La llegada del príncipe 

Foto propia. Barcelona, 2016

Cuando el príncipe llegó a palacio, el mozo de cuadra se encargó de su montura, mientras él fue directo a asearse. Dos días de lucha encarnizada le habían proporcionado un aspecto tosco y un aroma penetrante. Al llegar a sus aposentos, la luz del día se colaba por las ventanas polilobuladas e iluminaba el suelo a través de los cortinajes. Se sintió aliviado, las campañas nocturnas le dejaban unas secuelas que le durarían unos cuantos días. Pero un buen baño y una ración de la más rica carne, y sería otro. Se sacó la pesada armadura y los calzones, entonces entró su madre, la reina, sobresaltándole.

—¡Mira qué horas de llegar… El próximo fin de semana, no sales! 

—Pero mamá… 

—¡Haz el favor de poner tus deportivas en la ventana, huelen que apestan! Deja de leer tus tebeos y métete en la ducha, la comida está casi lista.

—Sí, mamá, ya voy…

Lídia Castro Navàs

Dolor 

Siento un dolor enorme. No duermo bien, me cuesta comer, ya no sonrío como antes…

Todo el mundo parece que ha vivido la situación y me dice lo mismo: “necesitas tiempo”, “te acostumbrarás“, “intenta no pensar en ello”…
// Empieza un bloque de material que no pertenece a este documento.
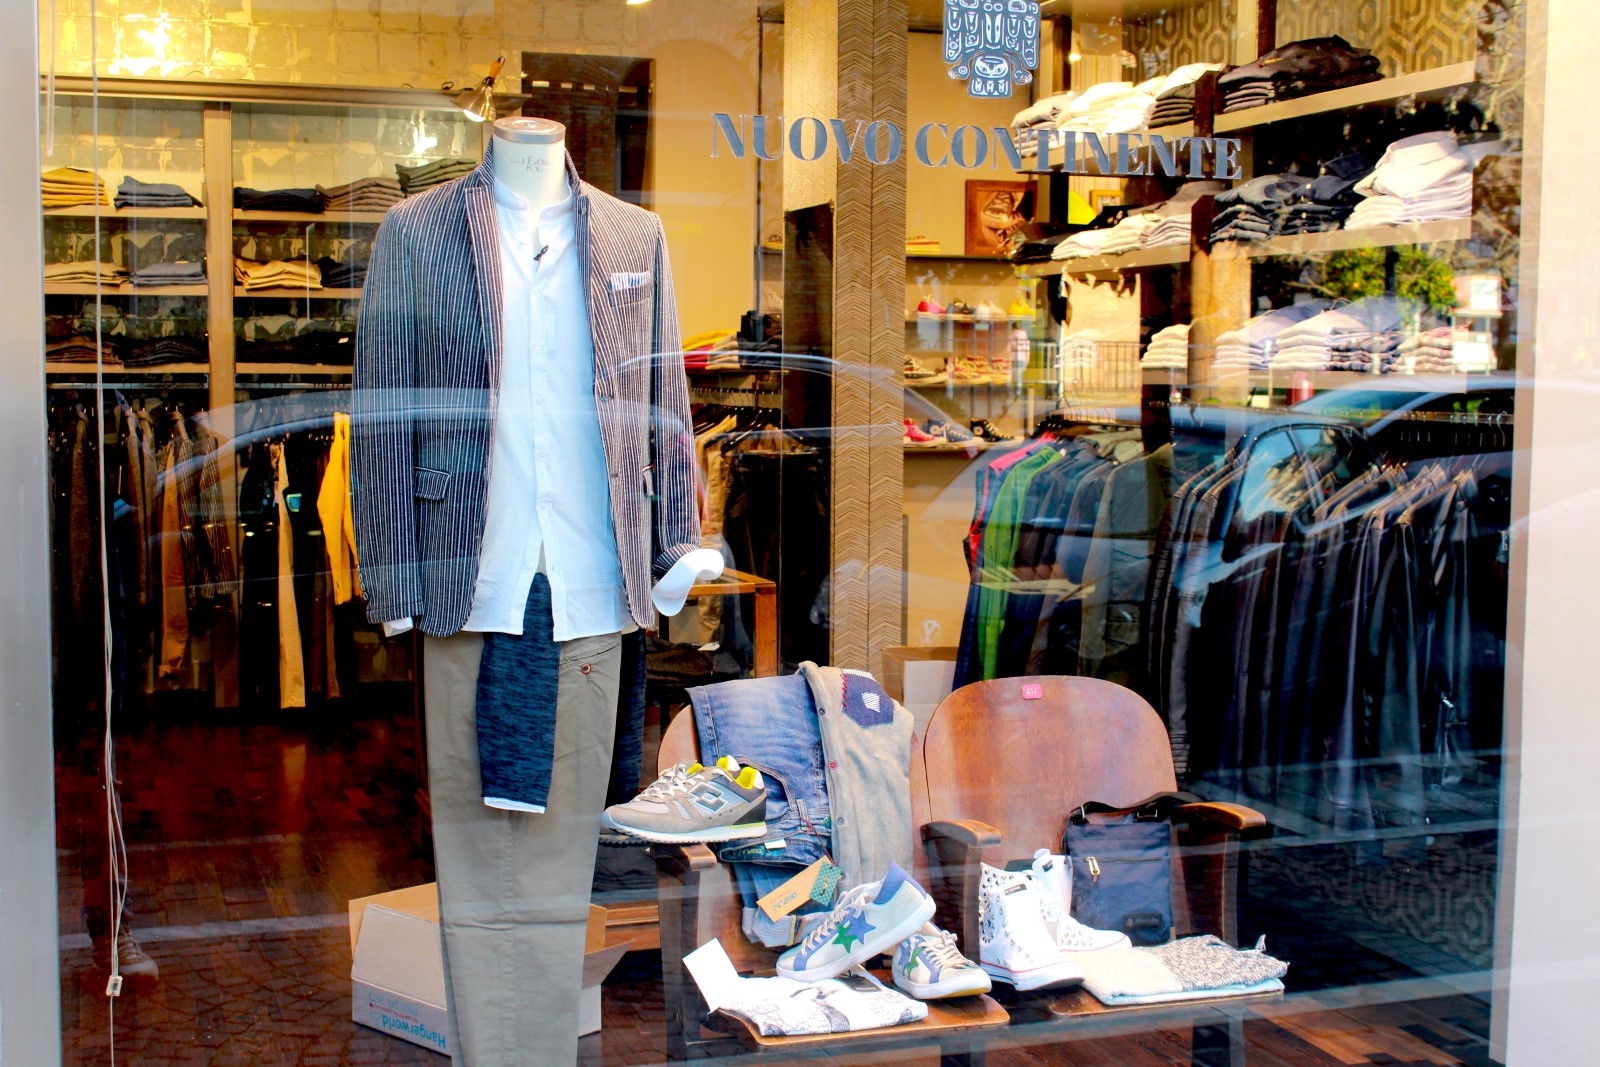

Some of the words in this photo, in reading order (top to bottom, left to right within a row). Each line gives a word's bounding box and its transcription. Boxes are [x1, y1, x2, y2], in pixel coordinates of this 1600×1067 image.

[710, 112, 902, 165] NUOVO
[914, 122, 1243, 180] CONTINENTE
[381, 1014, 447, 1049] Hangerworld
Suena fácil, pero… ¡¿Cómo no voy a pensar en ello si tengo la boca llena de hierros?! ¡Maldito sea el día en que acepté ponerme ortodoncia!

Lídia Castro Navàs

 

Cuando llegan

Foto propia. Flix, 2017

Cuando llegan, lo hacen sin esperarlos, ni buscarlos, de improviso. Puedes estar haciendo tus tareas diarias, en la soledad de tu habitación, en el coche en medio de un atasco… no les importa, ellos no entienden sobre el momento oportuno.

No siempre son claros, acostumbran a estar envueltos en brumas. Y casi nunca se presentan solos, suelen ir acompañados de sonidos, imágenes, aromas, emociones… muchas emociones.

En mi caso: el Canon en D de Pachelbel acompañando una filmación en Beta, pequeñas fotografías familiares en blanco y negro, el aroma del café recién hecho los domingos por la mañana y nostalgia… mucha nostalgia.

Así son los recuerdos.

Lídia Castro Navàs

El compañero Juan Antonio de Tarayuela me ha cedido un espacio en su blog para uno de mis microrrelatos. Tengo que reconocer que, más que uno de mis micros habituales, es una reflexión muy personal. Le estoy muy agradecida a Juan Antonio por pensar en mí. No dejéis de visitar su blog TARAYUELA.

En el palacio 

Mi nacimiento en el palacio pasó bastante desapercibido, pues no era la primogénita y ni siquiera tenía derecho al trono. Pero mi infancia transcurrió feliz: me encantaba corretear por los jardines, me sentía libre en plena naturaleza; esconderme en la cocina, donde siempre encontraba algo que picar; curiosear por las distintas habitaciones, hasta que las sirvientas me echaban a gritos, pues no toleraban mi presencia. 

Era algo de lo que mi madre siempre me había advertido: “Los humanos no nos soportan, hija, aunque seamos ratas de palacio.”

Lídia Castro Navàs 

El informe 

Estaba sentada en el jardín, donde me refugiaba siempre que las tinieblas amenazaban con llevarme. No pude evitar caer en las redes de mis propios recuerdos que, recurrentes, volvían para perturbarme. 

Las primeras imágenes aparecían nítidas en mi mente, pero poco a poco, se iban difuminando y enturbiando hasta desaparecer.

En mi mano sostenía el informe maltrecho. Ya no podía leerlo, pero conocía perfectamente su contenido. Era la sentencia de mi oscuridad eterna… era la confirmación de mi ceguera irreversible.